In the Garden

I went outside to inspect the garden. It's the most pleasant time of year, which means that the temperature varies between 70 to 87 degrees Fahrenheit. The sea breeze, which is almost constant during the monsoon season, keeps every branch and stem in delicate motion.

The garden is attractive but untidy -- we didn't want manicured shrubs and neat rows of flowers. Good thing, in fact, since none of our succession of gardeners has known anything about gardening. The closest we came was one farm boy, who mutilated the casuarina trees by trimming them as one would if one were growing them for timber, removing the lower branches with their sprays of segmented needles.
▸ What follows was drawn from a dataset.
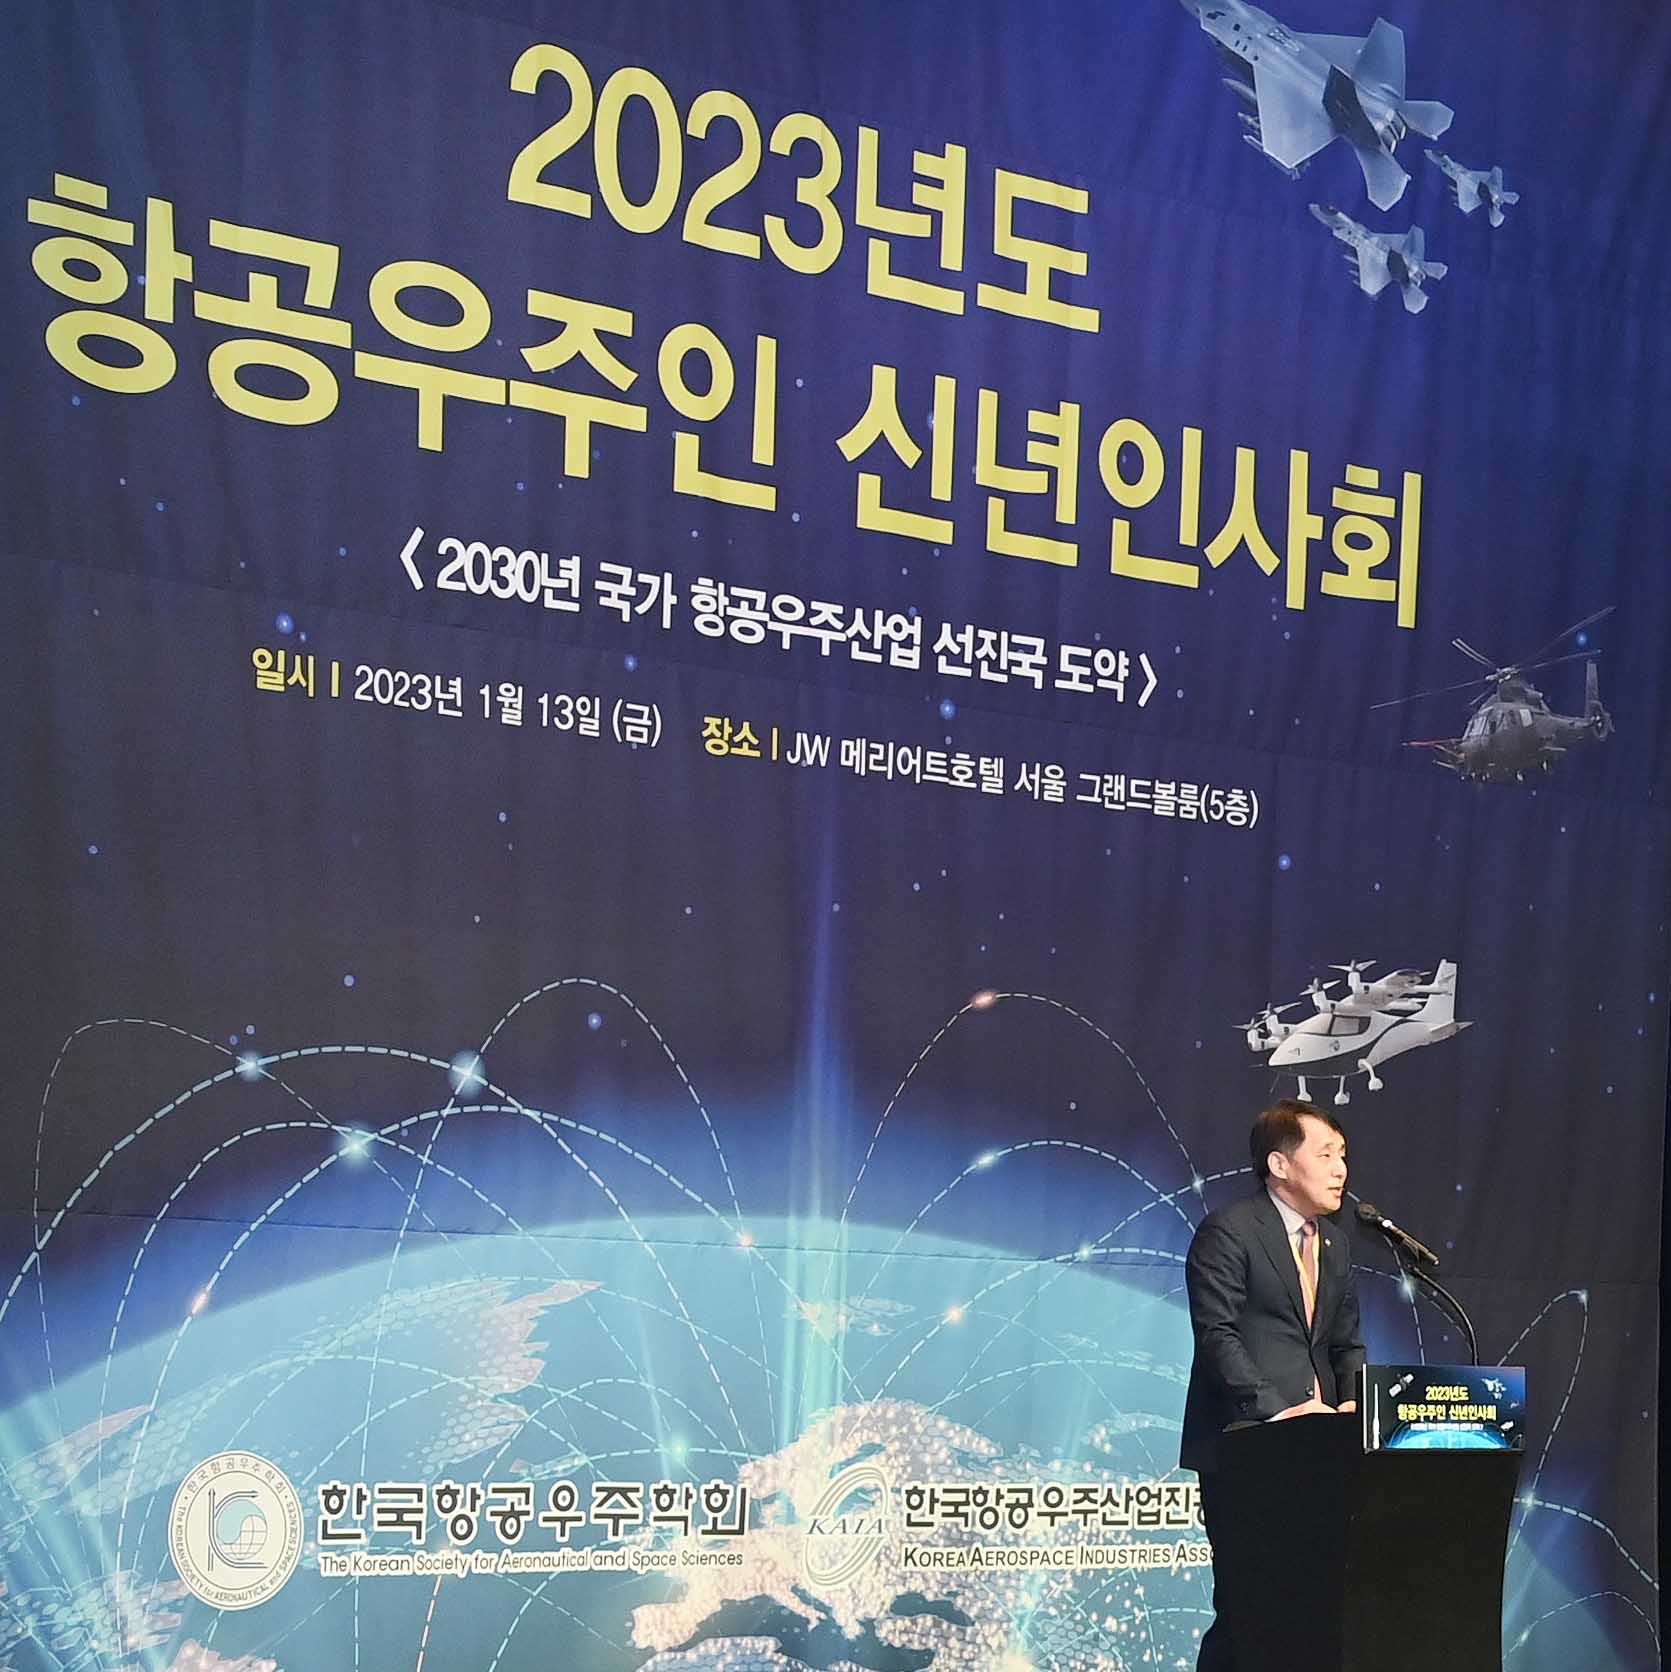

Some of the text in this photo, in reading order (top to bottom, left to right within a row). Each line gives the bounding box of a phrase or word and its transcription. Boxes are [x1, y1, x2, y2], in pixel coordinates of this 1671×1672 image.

We could hardly bear to look out the window; but now shrubs, and the eucalyptus trees which alternate with the casuarinas, have hidden the damage.

I took a picture of a spiky plant that has unexpectedly (unexpected by me) put forth long stalks of orange berries.

I told Chinnaraj, who was sweeping, to put one of the aloe plants in a pot for a friend who has a skin allergy, and feels that only aloe can help her.

I pulled a couple of weeds and Chinnaraj hurried over to me. "No, no! That's good for jaundice!" I didn't understand him at first, because he used the Tamil word for 'yellow,' but then he gestured at his eyes, so I said, "Oh, you mean it's medicine?" He nodded. Everybody here, literate or not, has a store of home remedies. I said heartlessly, "No one has jaundice here. Pull it out."


My friend came for the aloe, and said that she had planned to bring her grand-daughter as well. But the grand-daughter, who grew up in England and is spending part of her gap year working at an AIDS-related NGO here, got a call that Richard Gere was visiting the NGO today. So she put on her new kurta and rushed off.